Essex Tech Partners with New Entry to Receive Fresh, Local Produce for Cafeteria
DANVERS — Superintendent Heidi Riccio is pleased to share that Essex North Shore Agricultural and Technical School attended a tour of the New Entry site at Moraine Farm yesterday.
Essex Tech began purchasing fresh, locally grown produce from the New Entry Sustainable Farming Project for its cafeteria this school year, and is also exploring opportunities to collaborate and partner with the organization to provide educational opportunities to student and adult learners.
New Entry is an initiative of Tufts University’s Friedman School of Nutrition Science and Policy which works to strengthen local food systems by providing workshops and training, support and three year leases for “incubator farm” land plots to farmers just starting out in their careers.

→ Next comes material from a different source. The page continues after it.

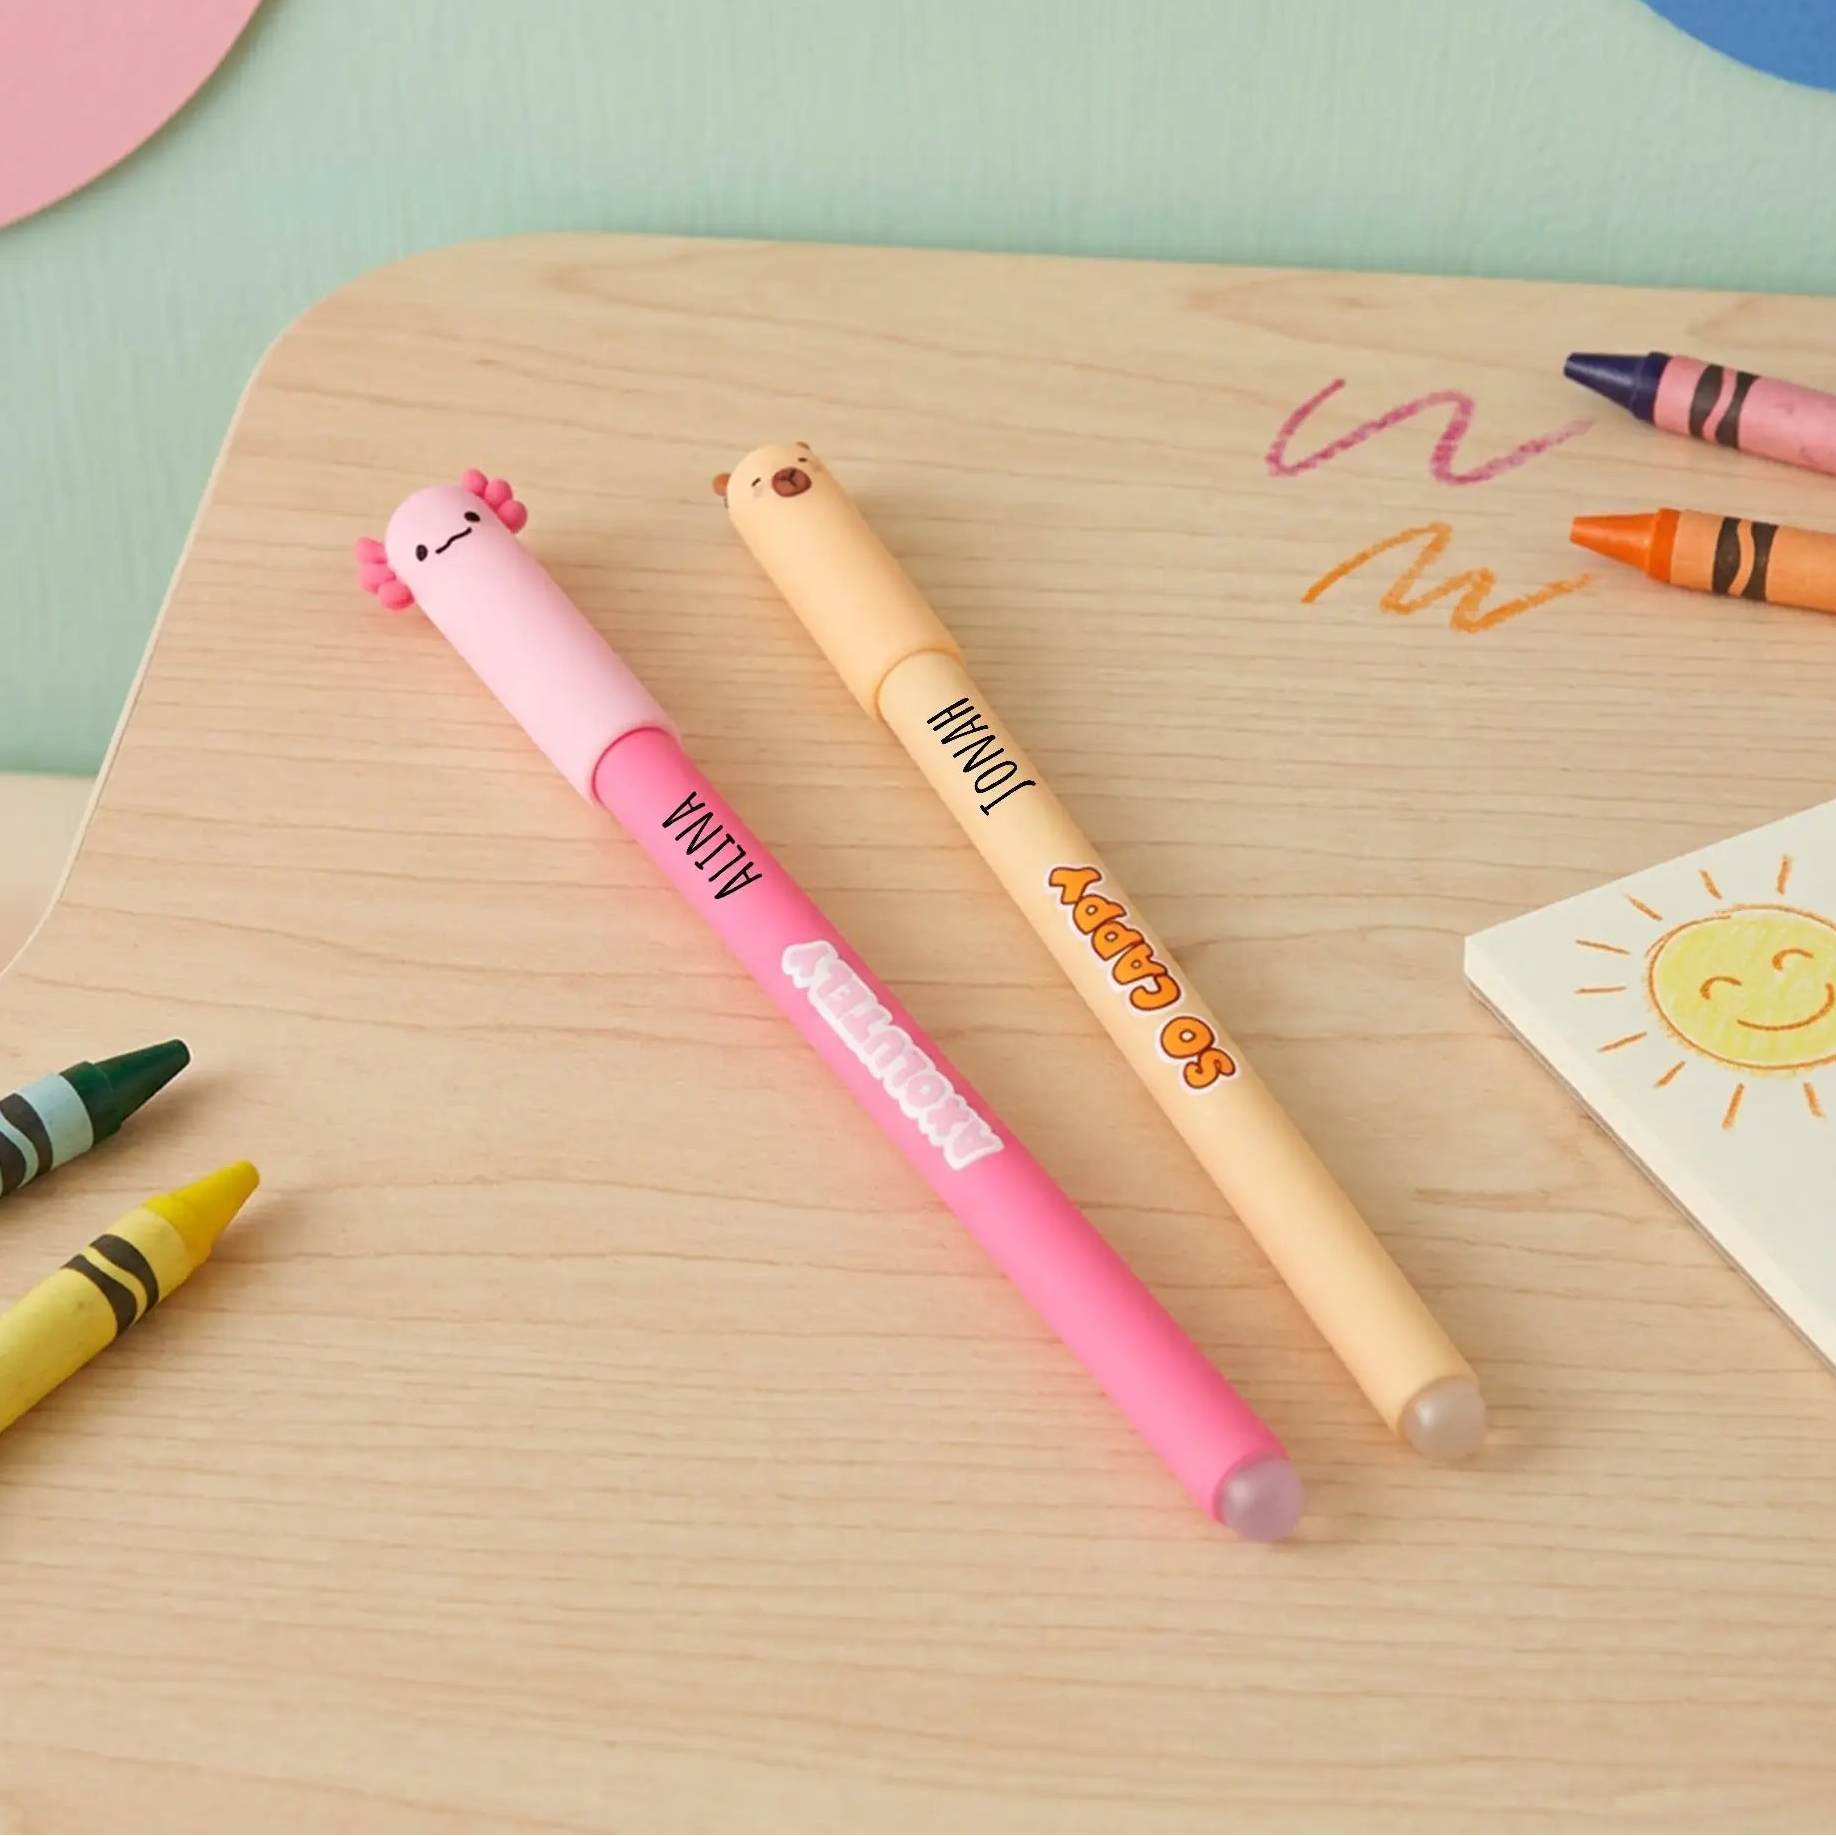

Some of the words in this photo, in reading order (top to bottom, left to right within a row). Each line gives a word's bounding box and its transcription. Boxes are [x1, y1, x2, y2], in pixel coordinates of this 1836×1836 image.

“Partnering with New Entry allows us to support local farmers while providing our students with fresh, nutritious, locally grown produce,” Superintendent Riccio said. “Their work is very closely aligned with the mission of our school: to train the next generation of workers to take the helm of their industries and contribute positively to their communities.”
“It’s a great opportunity to collaborate,” New Entry Director Jennifer Hashley said. “I think this partnership is going to continue and grow. One of our goals is to grow the pipeline of future farmers, and that’s our target audience. A whole school of people potentially excited about farming is huge for us.”
An Essex Tech alumna, Emily Brown is currently one of 11 new farmers leasing land from New Entry. Brown is a flower farmer.
The tour at Moraine Farm on Cabot Street in Beverly Tuesday was organized by New Entry and Massachusetts Farm to School, an organization that works to support local farms and fisheries and foster healthy communities by increasing local food purchasing and education at schools. Each year, Massachusetts Farm to School organizes events to recognize the annual Farm to School month, but as a result of the ongoing pandemic is holding virtual events and a limited number of small, in-person tours this October.
Following advocacy efforts in 2016, Governor Charlie Baker established October as Farm to School Month in Massachusetts. Farm to School Month is a time for communities to come together to discuss the farm to school movement, advocate for farm to school policies at the federal and local levels, thank the food service staff, farmers, producers, educators, and community partners who make farm to school happen, and celebrate our Farm to School community.
At Tuesday’s event, New Entry staff lead Massachusetts Farm to School representatives, Essex Tech administration and staff, Salem Public Schools representatives, local legislators and other stakeholders on a tour of their grounds and provided insight into their work with local farmers. New Entry also works with Salem Public Schools to provide fresh produce.
Local and regional legislators that attended the event included Sen. Joan Lovely, and Rep. Paul Tucker.